Conheça as principais ideias e conclusões do encontro:
Acesso à inovação:
- Os sistemas em rede com laboratórios e cientistas europeus permitem o acesso às últimas tecnologias, diz Paulo Lúcio, que garante que esta posição oferece a Portugal “uma estrutura de suporte mais robusta” e acesso à mesma informação e aos mesmos medicamentos que os restantes países europeus.
- Cada vez mais há diagnósticos baseados em perfis genéticos. “Hoje em dia praticamente não fazemos tratamento nenhum sem sequenciacao genetica do tumor”, explica António Araújo.
- Células CAR-T, geneticamente modificadas em laboratório para reconhecer e combater especificamente as células cancerígenas no doente, são uma das inovações que têm sido mais utilizadas.
O que ainda é preciso melhorar:
- Tempo de aprovação dos medicamentos inovadores é ainda demasiado longo: “Faria sentido que estas abordagens pudessem ser mais integradas sobretudo ao nível europeu.
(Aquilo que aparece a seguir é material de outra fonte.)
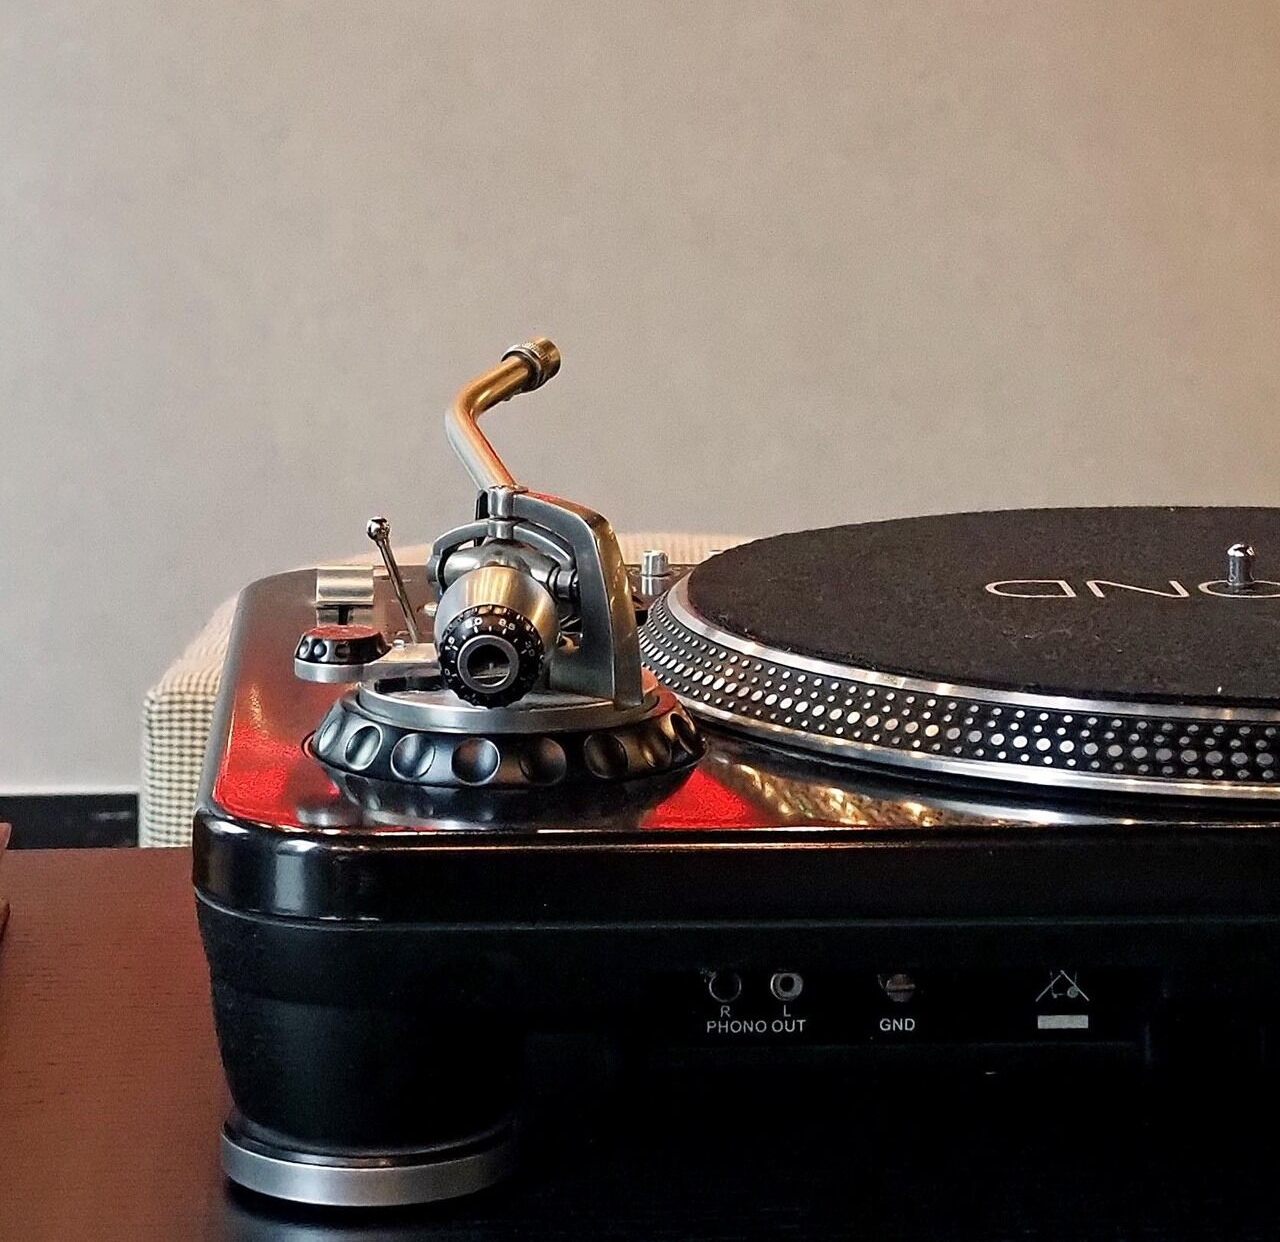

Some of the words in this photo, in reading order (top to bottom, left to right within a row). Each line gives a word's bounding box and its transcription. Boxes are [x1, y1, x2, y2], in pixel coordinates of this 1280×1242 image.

São questões técnicas: se o medicamento cumpre, introduz-se, se não cumpre, não se introduz, diz Joaquim Cunha.
- A gestão dos orçamentos e recursos hospitalares é um desafio pelo que é preciso pensar num novo modelo sustentável que inclua cuidados fora dos hospitais. “Temos oportunidade num novo modelo de organização dos hospitais. Aproveitar a área dos cuidados de proximidade, dos cuidados de saúde primários, mas também na área da prevenção,” aponta Raquel Chantre.
Estratégias para conseguir melhor acesso a cuidados:
- Para Manuel Abecassis, é fundamental uma maior disponibilidade dos serviços sociais nos hospitais. “Parte substancial da população tem muita dificuldade em saber os benefícios a que tem direito”, conta.
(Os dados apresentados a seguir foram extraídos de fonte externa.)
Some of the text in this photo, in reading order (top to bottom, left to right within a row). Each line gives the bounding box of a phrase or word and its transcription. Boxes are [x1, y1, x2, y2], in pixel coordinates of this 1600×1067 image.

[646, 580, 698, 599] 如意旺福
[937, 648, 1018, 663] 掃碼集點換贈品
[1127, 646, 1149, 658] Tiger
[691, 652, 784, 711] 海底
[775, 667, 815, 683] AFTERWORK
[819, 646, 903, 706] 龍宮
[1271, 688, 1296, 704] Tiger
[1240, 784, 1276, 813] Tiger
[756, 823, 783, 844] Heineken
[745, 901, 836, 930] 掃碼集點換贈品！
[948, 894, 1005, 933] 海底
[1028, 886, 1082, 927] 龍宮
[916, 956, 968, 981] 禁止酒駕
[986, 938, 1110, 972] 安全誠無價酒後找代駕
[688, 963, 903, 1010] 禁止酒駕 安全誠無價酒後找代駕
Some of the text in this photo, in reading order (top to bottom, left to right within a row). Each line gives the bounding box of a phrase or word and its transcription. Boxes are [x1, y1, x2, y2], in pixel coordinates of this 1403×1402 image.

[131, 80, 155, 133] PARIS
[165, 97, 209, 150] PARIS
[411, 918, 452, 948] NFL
- A valorização e apoio do papel do cuidador informal foi um aspeto sublinhado por vários especialistas, que acreditam que é preciso ir mais além, sobretudo em apoios e proteção em situações de cuidados a longo prazo.
- José Luis Passos Coelho reconhece que a doença debilitante e o tratamento prolongado são um tema crítico. Acrescenta que muitos doentes conseguem voltar a fazer uma vida normal, e que é preciso uma rede de apoio. “Tentar que muito seja feito de forma extra-hospitalar minimiza deslocações aos hospitais e minimiza riscos de hospitalização por complicações”, garante.